Arthritis can cause severe long-term pain, decreased mobility, stiffness, and swelling. Professionals with physiotherapy assistant training can play a vital role in assisting physiotherapists help those with arthritis by assisting patients with common rehabilitation exercises.

2. Physiotherapy can Be Very Effective in Helping Patients Manage Lower Back Pain

Lower back pain is becoming increasingly common in today’s society, and can affect people from all walks of life. Office workers often develop back issues by sitting in the same position all day long, which causes their spinal discs to degenerate over time. Professionals with more physically demanding jobs can also be at a higher risk of suffering lower back injuries, due to continuous strain and improper lifting techniques.

Physiotherapy assistants working under the direction of physiotherapists are often heavily involved in the rehabilitation process for individuals with lower back pain, which can include many different rehabilitation exercises.

Employee holding his back in pain
Office workers are often at risk of developing lower back issues

3. Physiotherapy Assistants Working in Sports Often Deal with Achilles Tendonitis

Students who hope to work in sports medicine clinics after completing physiotherapy assistant courses can expect a number of specific injuries to crop up time and again. One of the most common issues seen in this line of work is Achilles tendonitis, which is an overuse injury caused by the inflammation of the tendon connecting the heel to the calf muscle.

Achilles tendonitis frequently occurs in runners and other athletes, and symptoms can include ankle pain, stiffness, and visible thickening of the tendon. Physiotherapy professionals will usually prescribe various stretching and lengthening exercises to help patients manage the condition.
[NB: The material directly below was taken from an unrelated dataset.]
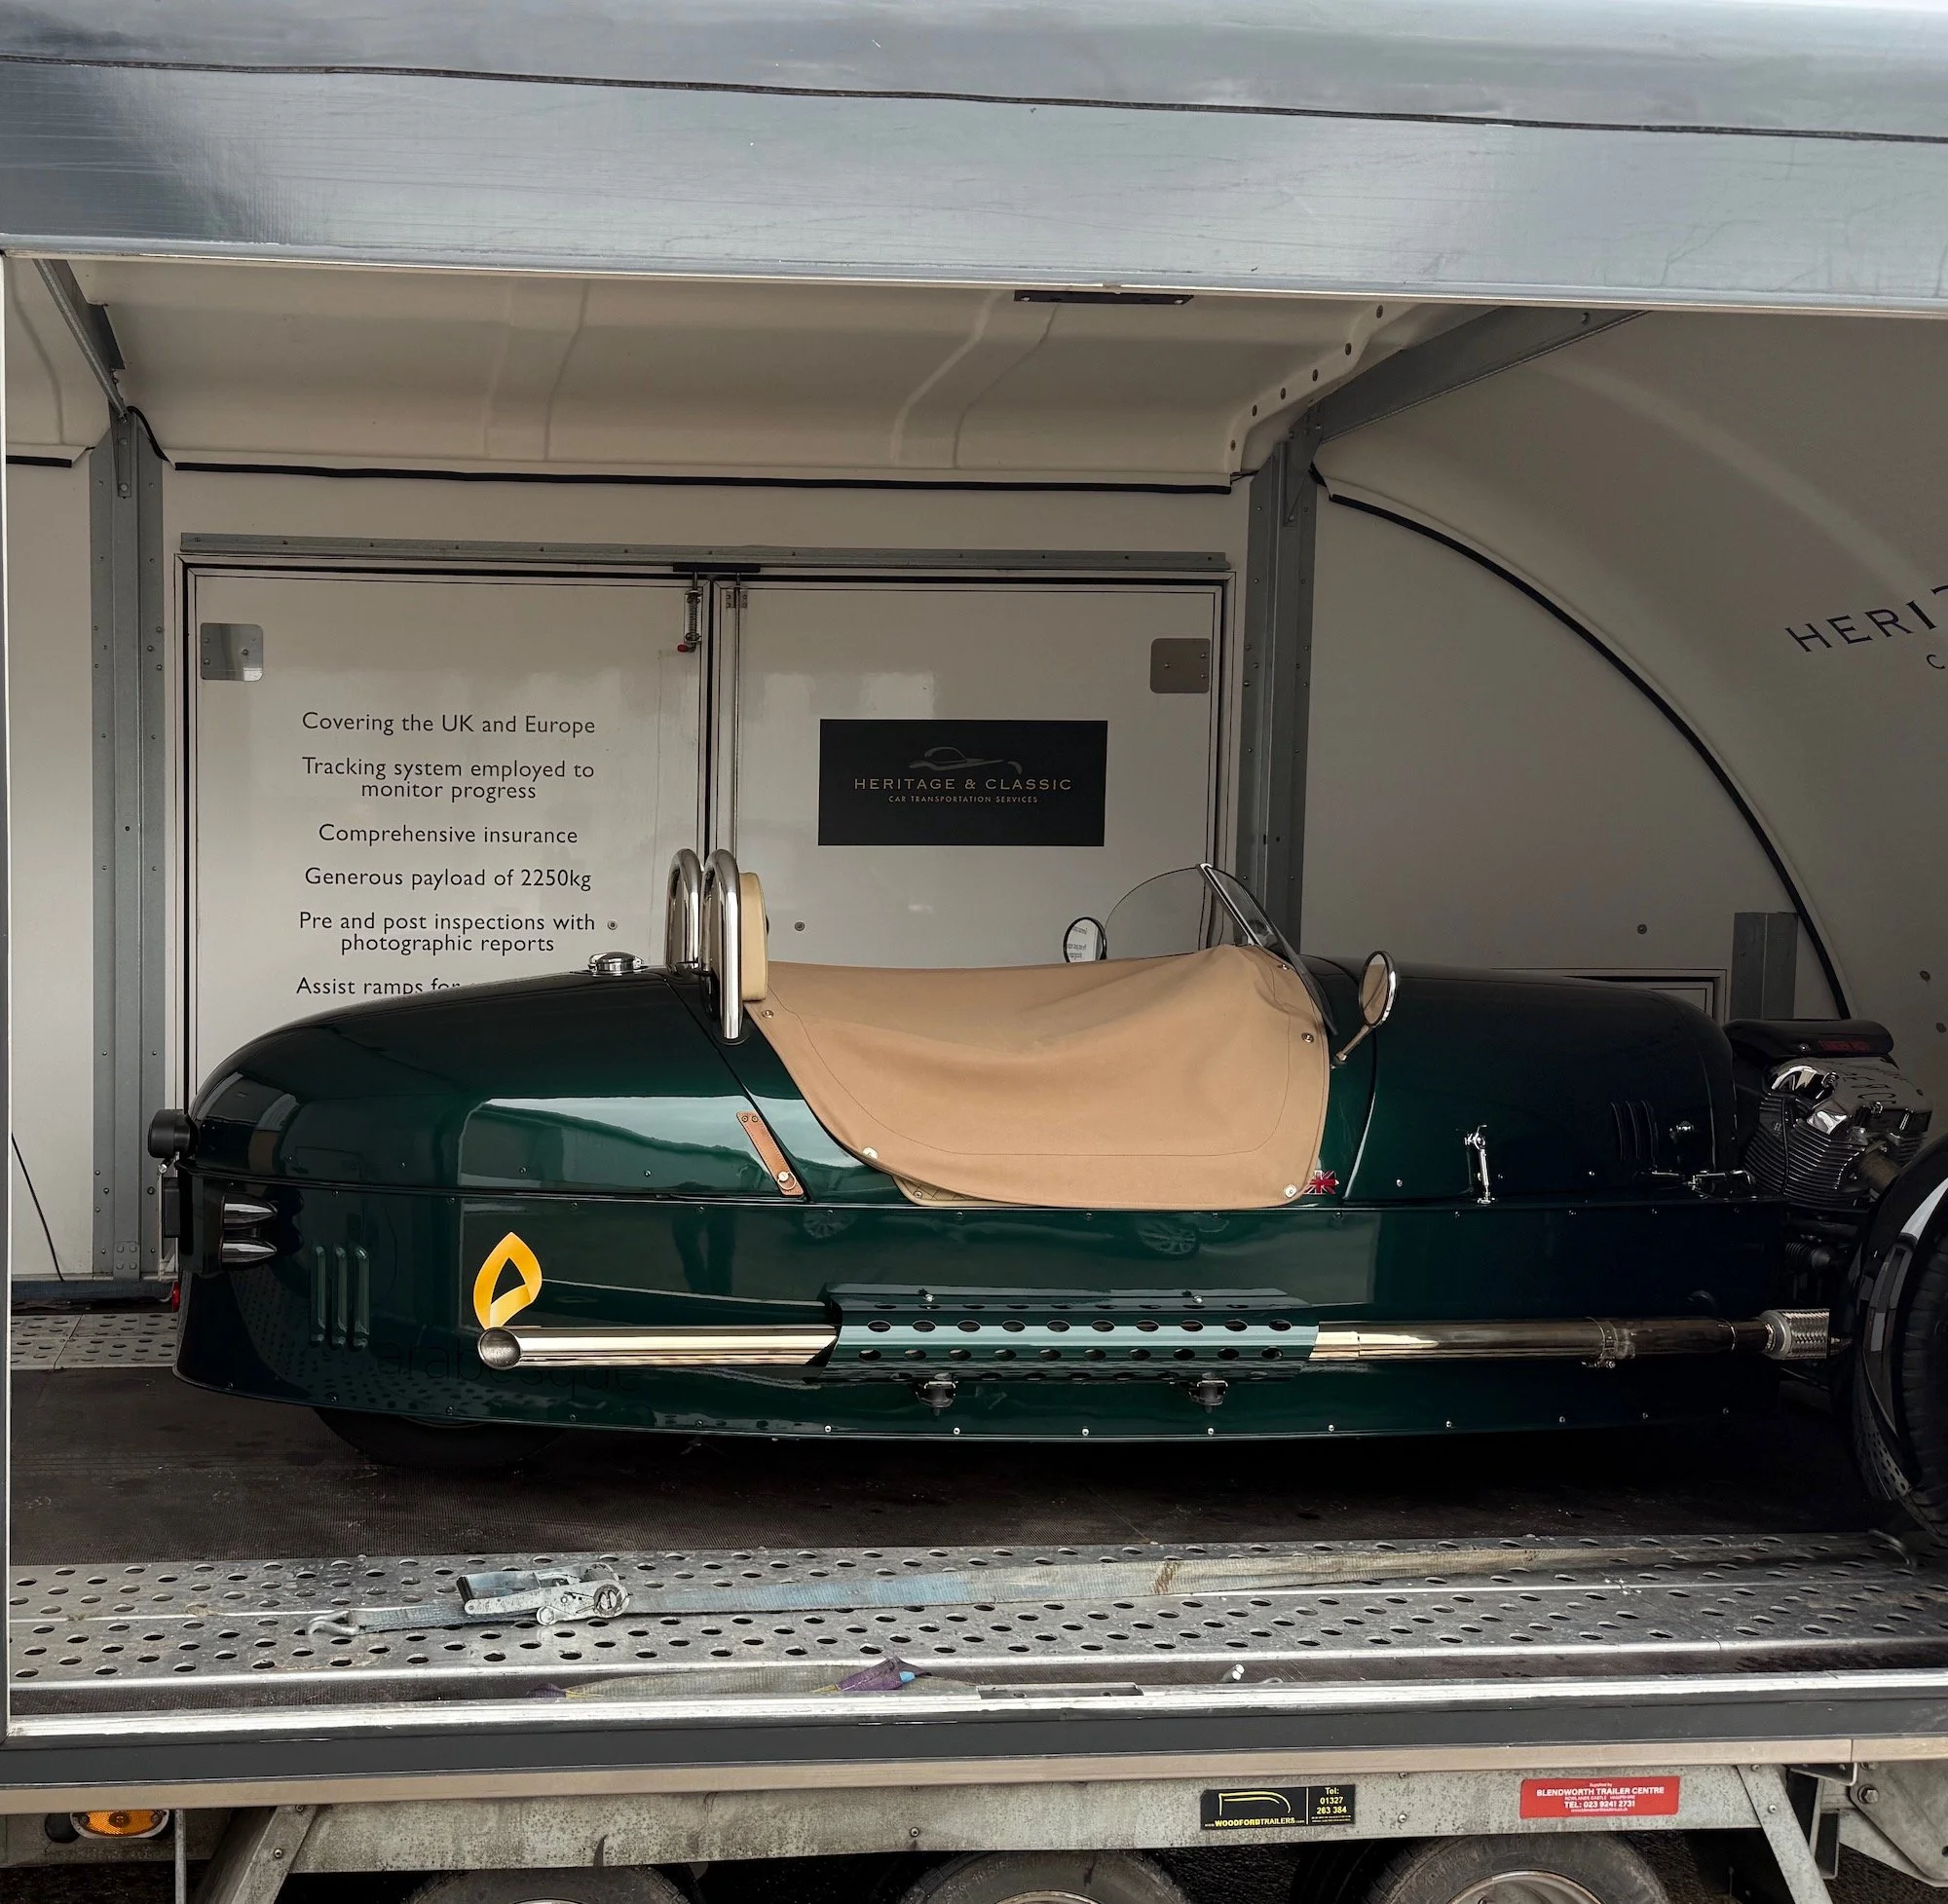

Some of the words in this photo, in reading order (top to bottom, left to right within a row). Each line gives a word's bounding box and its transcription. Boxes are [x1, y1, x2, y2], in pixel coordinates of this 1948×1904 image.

4. Graduates of Physiotherapy Assistant Courses Play a Crucial Role in Post-Op Recovery

Recovering from major surgical procedures like hip replacements, knee replacements, and knee ligament reconstruction can be a long and challenging process for patients. They will usually have to undergo many months of physical therapy and rehabilitation in order to heal completely and regain a full range of motion in the affected area.

For physiotherapy assistants, this can often be one of the areas in which their skills and assistance is most useful. Patients recovering from surgery frequently experience mobility issues and extreme discomfort, as well as issues such as swelling and skin adhesions. Having a trained professional to assist with basic mobility, rehabilitation exercises, and the use of assistive devices and equipment can make a world of difference to their wellbeing, and help them to work positively towards a quick recovery.